((
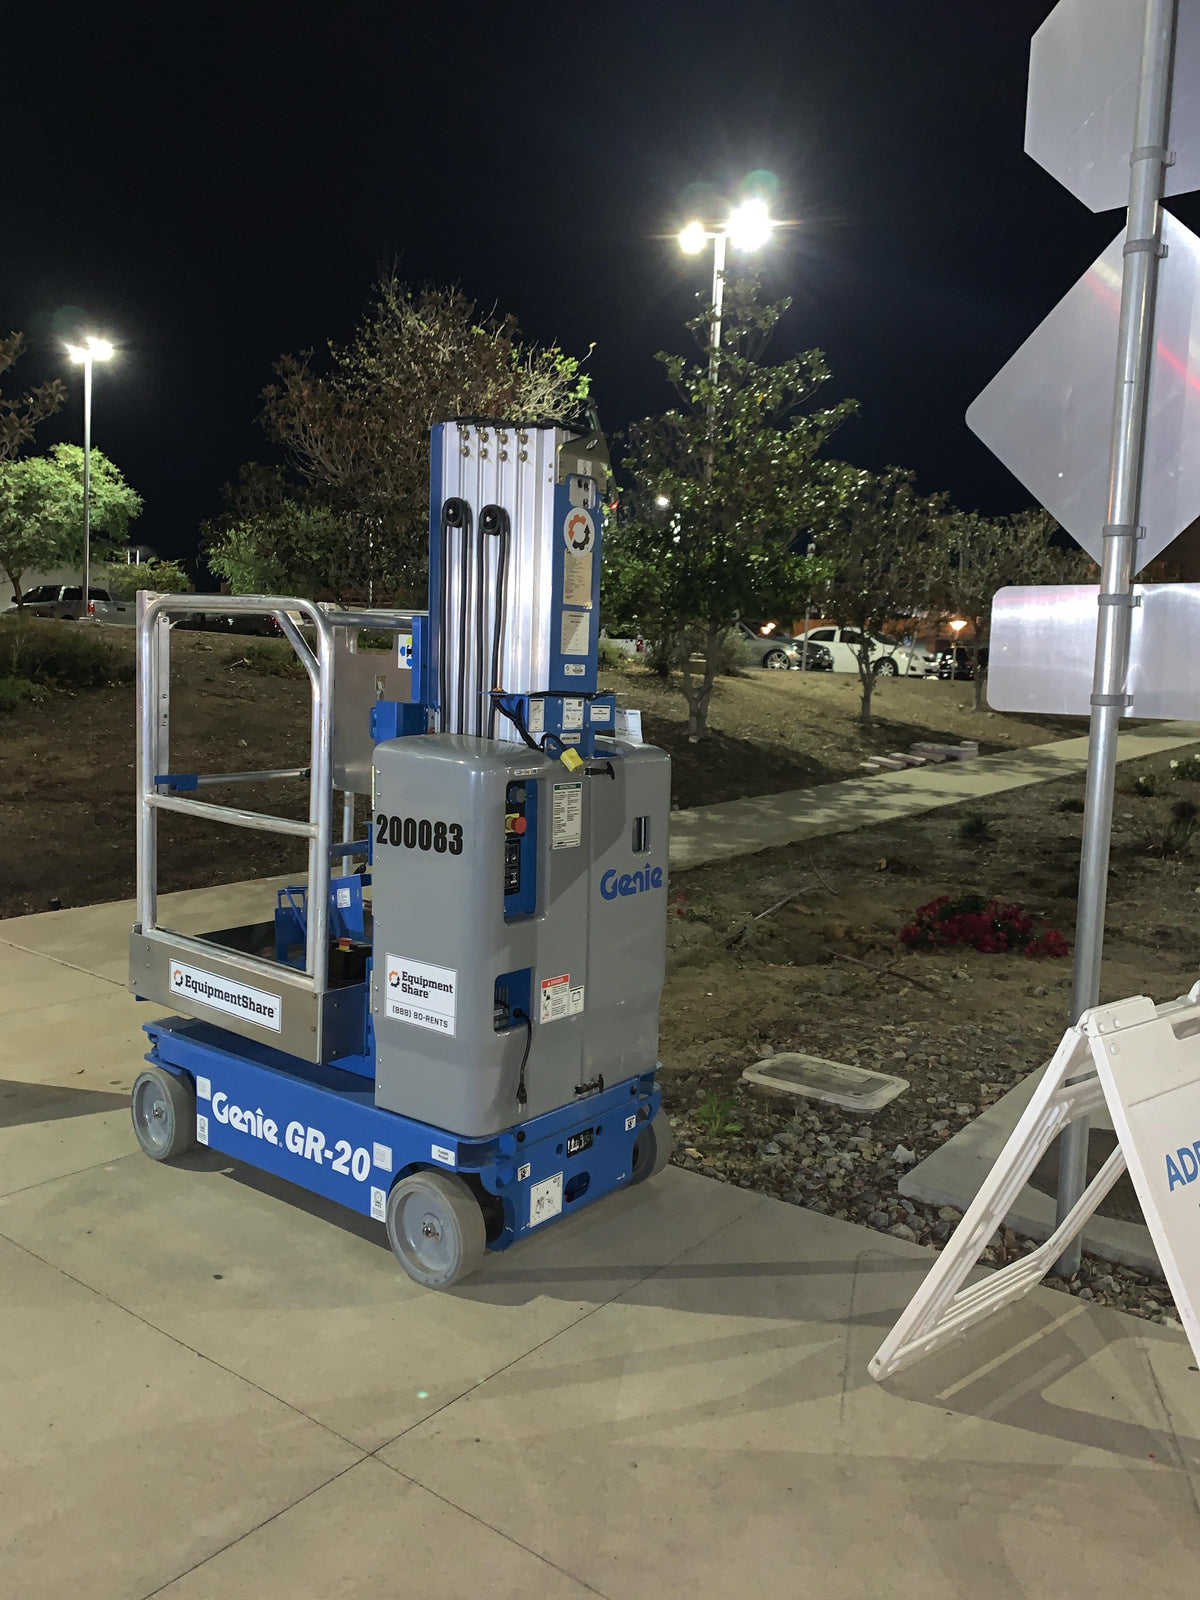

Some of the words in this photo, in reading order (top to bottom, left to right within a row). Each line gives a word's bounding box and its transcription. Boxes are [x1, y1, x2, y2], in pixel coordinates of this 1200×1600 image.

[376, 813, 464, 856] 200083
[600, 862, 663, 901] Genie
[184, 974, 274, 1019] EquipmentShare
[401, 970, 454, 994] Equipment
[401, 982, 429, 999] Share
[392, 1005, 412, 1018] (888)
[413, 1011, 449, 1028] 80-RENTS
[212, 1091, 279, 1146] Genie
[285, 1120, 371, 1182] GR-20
))
● Instructions to follow
With the pictures omitted, reproduce the data above exactly.

● Written reply
Some of the words in this photo, in reading order (top to bottom, left to right within a row). Each line gives a word's bounding box and its transcription. Boxes are [x1, y1, x2, y2], in pixel coordinates of this 1200×1600 image.

[376, 813, 464, 856] 200083
[600, 862, 663, 901] Genie
[184, 974, 274, 1019] EquipmentShare
[401, 970, 454, 994] Equipment
[401, 982, 429, 999] Share
[392, 1005, 412, 1018] (888)
[413, 1011, 449, 1028] 80-RENTS
[212, 1091, 279, 1146] Genie
[285, 1120, 371, 1182] GR-20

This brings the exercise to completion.